When she was in school, it was customary for Taiwanese school children to wear uniforms to classes. Chien said she remembers that twice a week, children had the freedom to choose what to wear.

“My mom on Wednesday and Saturday liked dressing me up," Chien said. "That was a way for her to show her love."

After Chien moved to the United States to attend a doctorate program at the University of Virginia, her aunt Katy Pu began sending her pieces by mail on a regular basis, including one of her favorites — a Vietnamese dress called an anáo dài. 

“[My aunt] has very good taste in interiors, performance art, fashion and jewelry,” Chien said.

She credits performance art with bonding the two of them over a shared appreciation for all things beautiful. They enjoy visiting the theater together in Taiwan, watching performances by the Cloud Gate Dance Theater, which blends traditional Chinese elements like calligraphy with modern dance. 

“Clothing is so related to my passion for the arts," Chien said. "I like going to museums, Chinese paintings, poetry and literature… The clothes are embedded within those arts."

Joining fashion with the arts is an experience Chien also enjoys creating for her students. Max Friedli, a junior and student of Chien’s, said that her ability to incorporate new mediums into the curriculum makes the class exceedingly impactful.

“She came to class one day, and she had a dress that was a typical Buddhist dress," Friedli said. "It was beautiful… to actually see something from that culture in person. Especially with fashion, there’s a huge difference seeing it in person."

Chien enjoys incorporating lessons through her outfits in subtle ways, too, such as donning a black-and-white shawl with toggles for a lesson on Taoism and the black-and-white concept of yin and yang forces.

“I think the reason I appreciate [Chien’s style] so much is because I’ve always appreciated fashion as a form of art,” Friedli said. “It’s not just clothes to everyone- it’s art.”

Chien’s appreciation of fashion and the arts is largely founded on her fascination with China’s Tang dynasty, which she says represents the golden age in literature, poetry and Buddhism.
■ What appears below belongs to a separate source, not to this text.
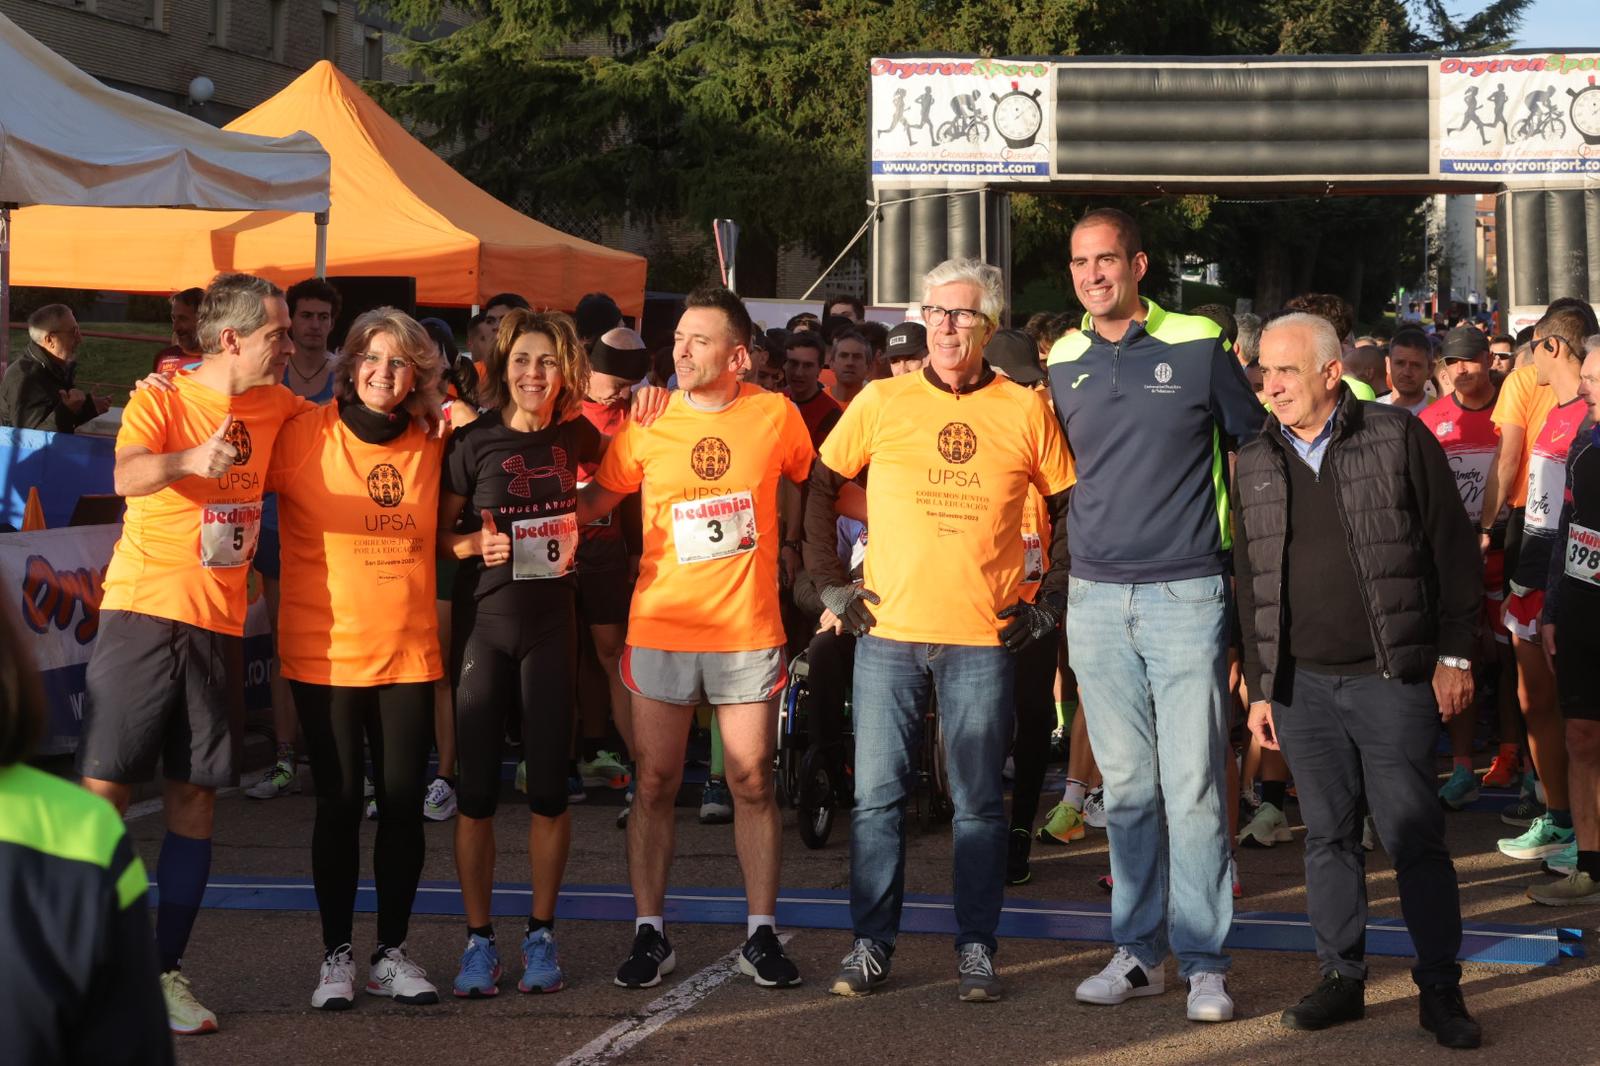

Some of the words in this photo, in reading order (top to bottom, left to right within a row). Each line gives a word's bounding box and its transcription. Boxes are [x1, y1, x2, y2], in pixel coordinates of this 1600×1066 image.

Chinese popular culture draws upon this era for inspiration and many current television programs are related to the Tang Dynasty.

In high school, Chien began developing a stamp collection with stamps depicting famous Tang Dynasty paintings. Following high school, Chien studied finance but her fascination with the arts and academia ultimately led her to a Buddhist monastery that housed a graduate school. Her classmates were a mix of lay people and monastic members, many of whom frequently gifted her with hand-me-downs. 

“They called me a hanger,” Chien said, referencing a Chinese expression that implies a person looks good in many kinds of outfits. 

Today, Chien is well-established in her career and no longer wears hand-me-downs from classmates. She is hesitant, however, to overpay for pieces and appreciates a good bargain. 

Most recently, her students have introduced her to Etsy, an e-commerce platform for handmade and vintage items. Wherever her pieces come from, Chien is adamant that they exude class and a timeless quality.

“I wear clothes that make me feel joyful and empowered," Chien said. "It makes professional sense to put in the effort, and a quietly-polished look emits positive chi (energy) into the classroom."

Chien’s clothing is in many ways a gesture of respect for her students, colleagues and those she interacts with in her day-to-day life or when conducting research.

“On pilgrimages and interviews, I always wear my chuba,” Chien said.

She notes that the Tibetan people she interacts with are happy because they can see her respect and passion for Tibetan culture.

“Clothes are symbolic," Chien said. "It looks nice, but it’s more than that; it represents a larger cultural context."

Dr. Chien thanks her mom, Zhiping Pu, her aunt Katy Pu and her students for inspiring her style. 

Kate Sullivan is a staff writer.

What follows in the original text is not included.